B.               PEMBAHASAN
1.  Sejarah Berdirinya Dinasti Safawi
Di Persia, tepatnya di Ardabil, sebuah kota di Azerbaijan, terdapat sebuah gerakan tarekat yaitu orang-orang yang mengkhususkan pada pembinaan dan pengarahan spiritual keagamaan. Tarekat ini didirikan pada waktu yang hampir bersamaan dengan berdirinya Dinasti Usmani.
Kerajaan Shafawi menurut C.E Bosworth berdiri secara resmi diPersia (1501 M/ 907 H).[3] Ismail Ibn Haidar (Ismail I ) dinobatkan menjadi khalifah pertama dinasti Shafawi. Ismail Ibn Haidar mengklaim dirinya sebagai titisan para Imam Syi’ah, penjelmahan Tuhan, sinar ke-Tuhanan dari imam tersembunyi, dan Imam Mahdi.

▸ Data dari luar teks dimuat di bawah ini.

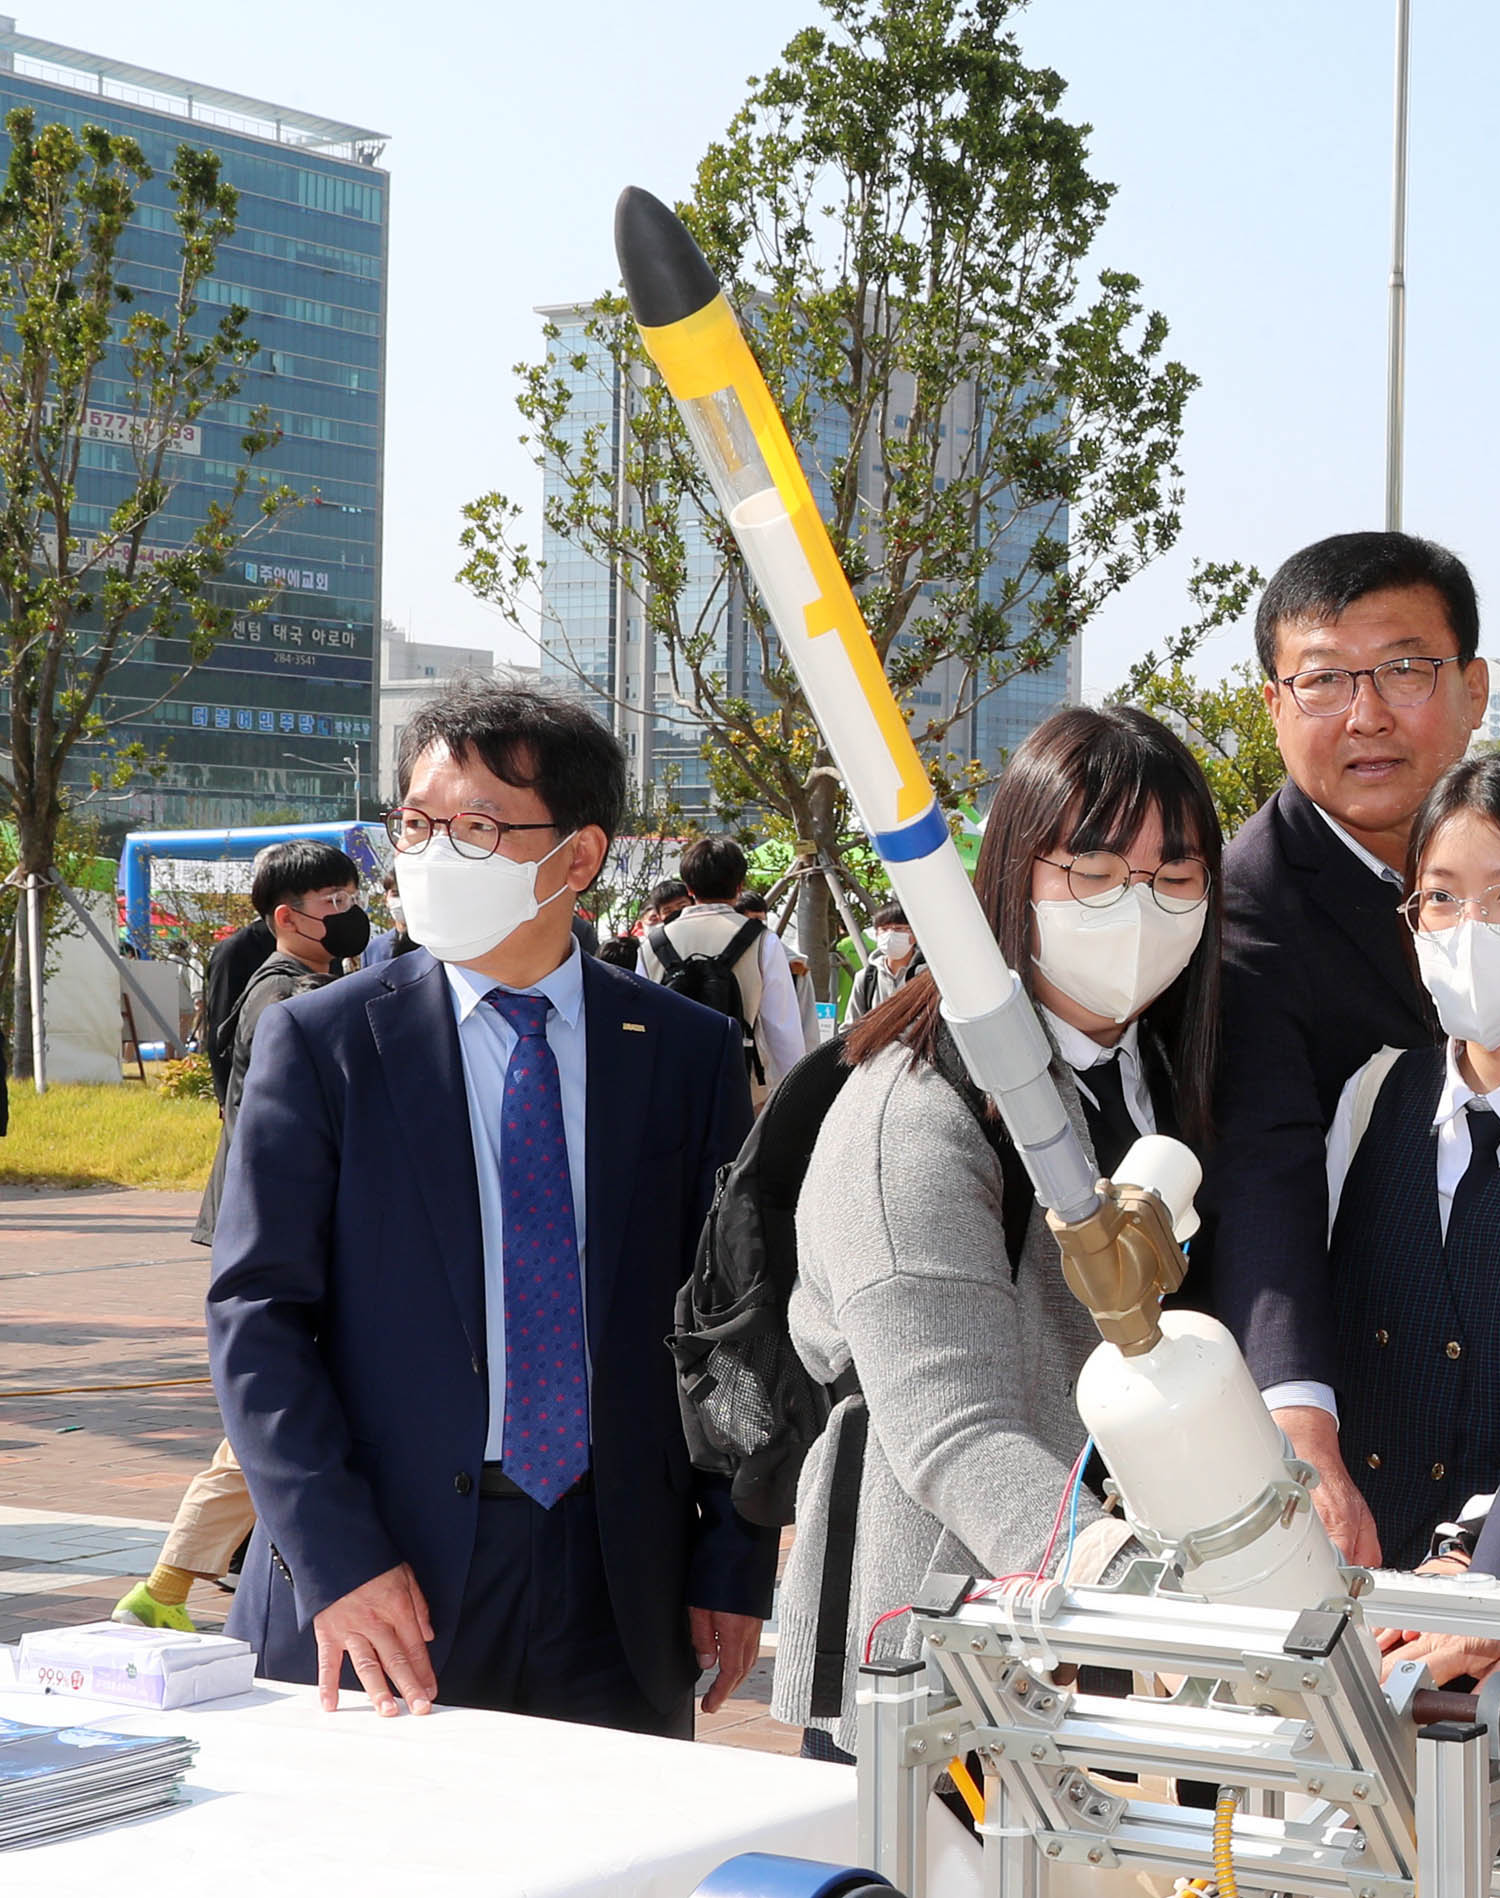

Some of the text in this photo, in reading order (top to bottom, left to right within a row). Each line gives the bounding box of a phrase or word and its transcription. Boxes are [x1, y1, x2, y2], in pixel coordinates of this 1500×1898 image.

Mengenai asal kata Shafawi terjadi perbedaan pendapat. Menurut Sayid Amir Ali yang dikutip Ajid Thohir (2004:167), kata Shafawi berasal dari kata shafi, suatu gelar bagi nenek moyang raja-raja Shafawi’ Shafi Al-Din Ishak Al-Ardabily, pendiri dan pemimpin tarekat Shafawi. Amir Ali beralasan, bahwa para mufasir, pedagang dan penulis Eropa selalu menyebut raja-raja Shafawi dengan gelar Shafi Agung. Sedang menurut pendapat lainnya Shafawi berasal dari kata Shafi, yaitu bagian Dari dari nama Shafi al-Din Ishak al-Ardabily sendiri.[4] Senada dengan ini, Taufik Abdullah di dalam Ensiklopedi Tematis, menjelaskan, bahwasannya kerajaan Shafawi didirikan oleh Syekh Ismail (950 H/1501M),[5] dinisbahkan kepada tarekat Shafawiyah yang didirikan oleh Shafi al-Din Ishak (650 H/1252 M) Di Ardabil pada 1300-an.[6]
Para sejarawan yang mendukung terhadap gerakan tarekat ini memegang penisbatan tersebut kepada kitab Shafwat al-Shafa yang ditulis oleh Ibnu Bazzaz, salah seorang penduduk Ardabil. Dia menulis kitab tersebut pada masa Syeikh Shafi al-Din Ishaq. Syeikh kemudian memerintahkan Ibnu Bazzaz untuk menyambungkan nasabnya ke ahlul Bait, mencontoh gurunya Taaj al-Din Ibrahimal-Jailani. Hal ini dilakukakannya karena masa itu alawiyyin (Syi’ah) sedang berpengaruh dan mendominasi pemikiran dan mazhab di Persia kala itu.
Namun demikian, keturunannya tetap meyakini kebenaran sislilah tersebut sehingga hal ini menjadi dasar penetapan tarekat dan Dinasti Safawi bermazhab Syi’ah. Berbeda dengan dua kerajaan besar Islam lainnya, Usmani dan Mughal, dinasti Safawi menyatakan Syi’ah sebagai mazhab negara. Sebab itu, tidak keliru bila dinasti ini dinilai sebagai peletak pertama dasar terbentuknya negara Iran dewasa ini.Safi al-Din sebenarnya keturunan orang kaya, tapi dia memilih suf sebagai jalan hidupnya. Gurunya bernama Taj al-Din Ibrahim Zahidi (1216-1301M) yang dikenal dengan julukan Zahid. Karena prestasi dan ketekunannya dalam kehidupan tasawuf, lalu Safi al-Din diambil menantu oleh gurunya tersebut.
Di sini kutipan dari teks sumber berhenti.